AI Article Synopsis

  • A case study reports a healthy male developing cerebral venous sinus thrombosis (CVST) after receiving the Ad26.COV2.S COVID-19 vaccine, presenting with symptoms like headache and vomiting.
  • Neuroimaging revealed CVST, and despite an unremarkable hypercoagulability workup, the patient was treated with immunotherapy and anticoagulation, leading to symptom resolution.
  • The article emphasizes the importance of early recognition and neuroimaging for severe headaches, especially after vaccination, to ensure better clinical outcomes.

Article Abstract

As COVID-19 vaccines became widely available, there have been reports of neurovascular complications.

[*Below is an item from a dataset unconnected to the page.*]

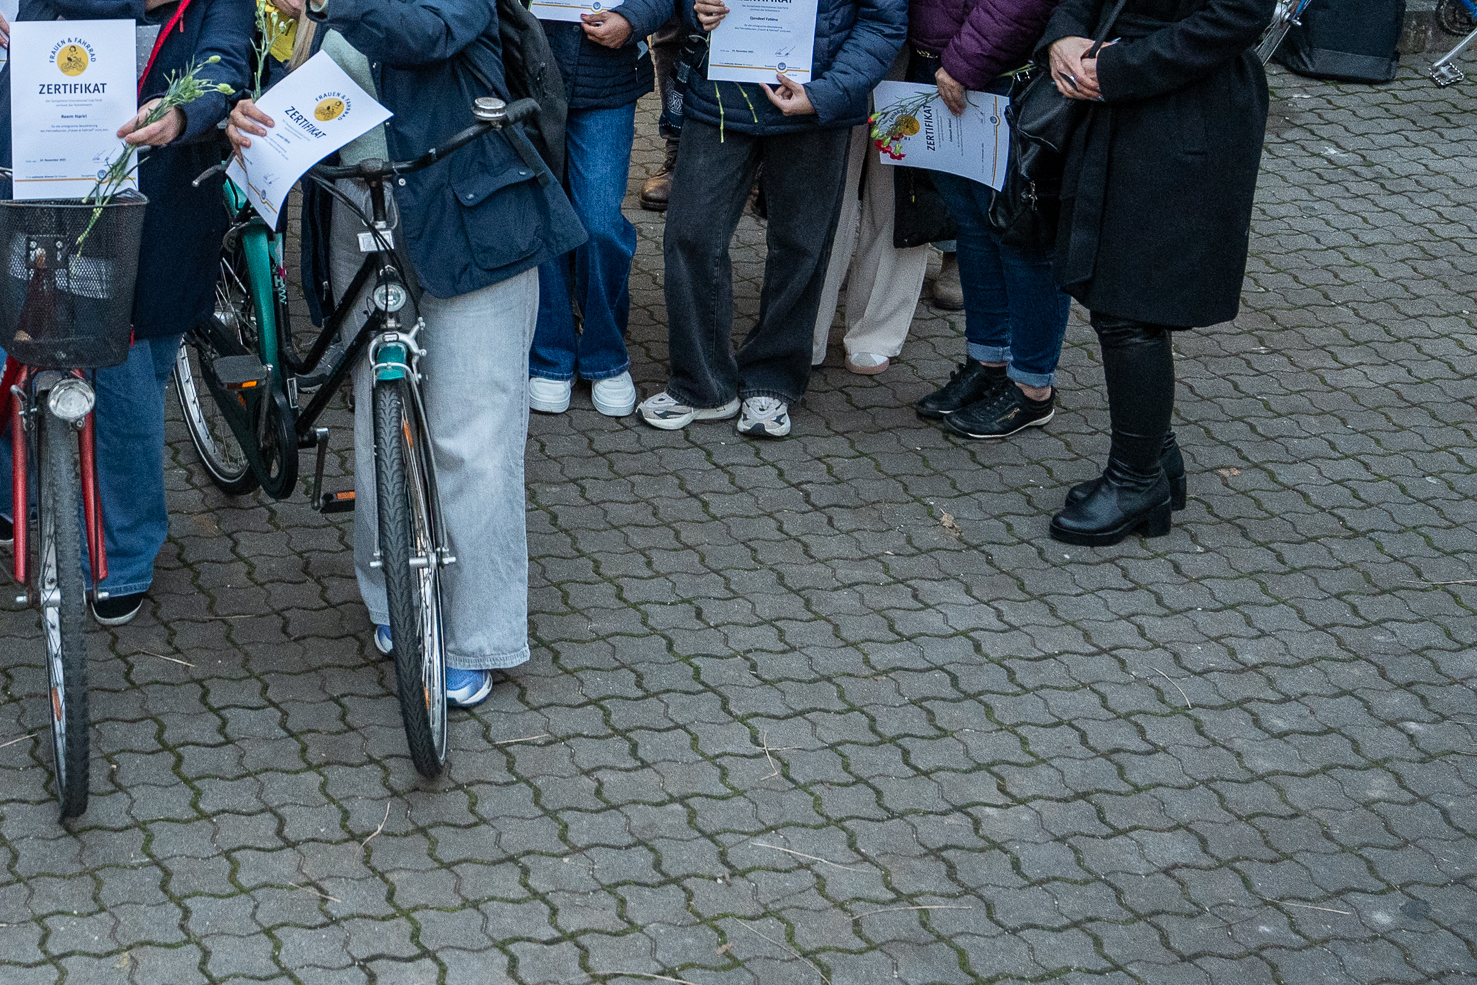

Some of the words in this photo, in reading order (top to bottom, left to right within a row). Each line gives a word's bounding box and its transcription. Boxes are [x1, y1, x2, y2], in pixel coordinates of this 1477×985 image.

In this article, we aim to report a case of cerebral venous sinus thrombosis (CVST) induced by COVID-19 vaccination, with a literature review on similar cases as well as the potential pathophysiological mechanisms. Our case is a healthy male who developed headache, vomiting, photophobia and diplopia after receiving the Ad26.COV2.S vaccine. Fundus examination showed papilledema, and magnetic resonance imaging of the brain and cerebral veins showed CVST involving the superior sagittal sinus and right transverse sinus extending into the right jugular vein. Hypercoagulability workup was unremarkable, and the patient received immunotherapy and anticoagulation. Following this treatment, symptoms resolved, and he had no residual neurologic deficits. Developing neurologic manifestations, especially severe headaches with papilledema, after COVID-19 vaccination should warrant neuroimaging. Early recognition and management of CVST are essential for good clinical outcomes.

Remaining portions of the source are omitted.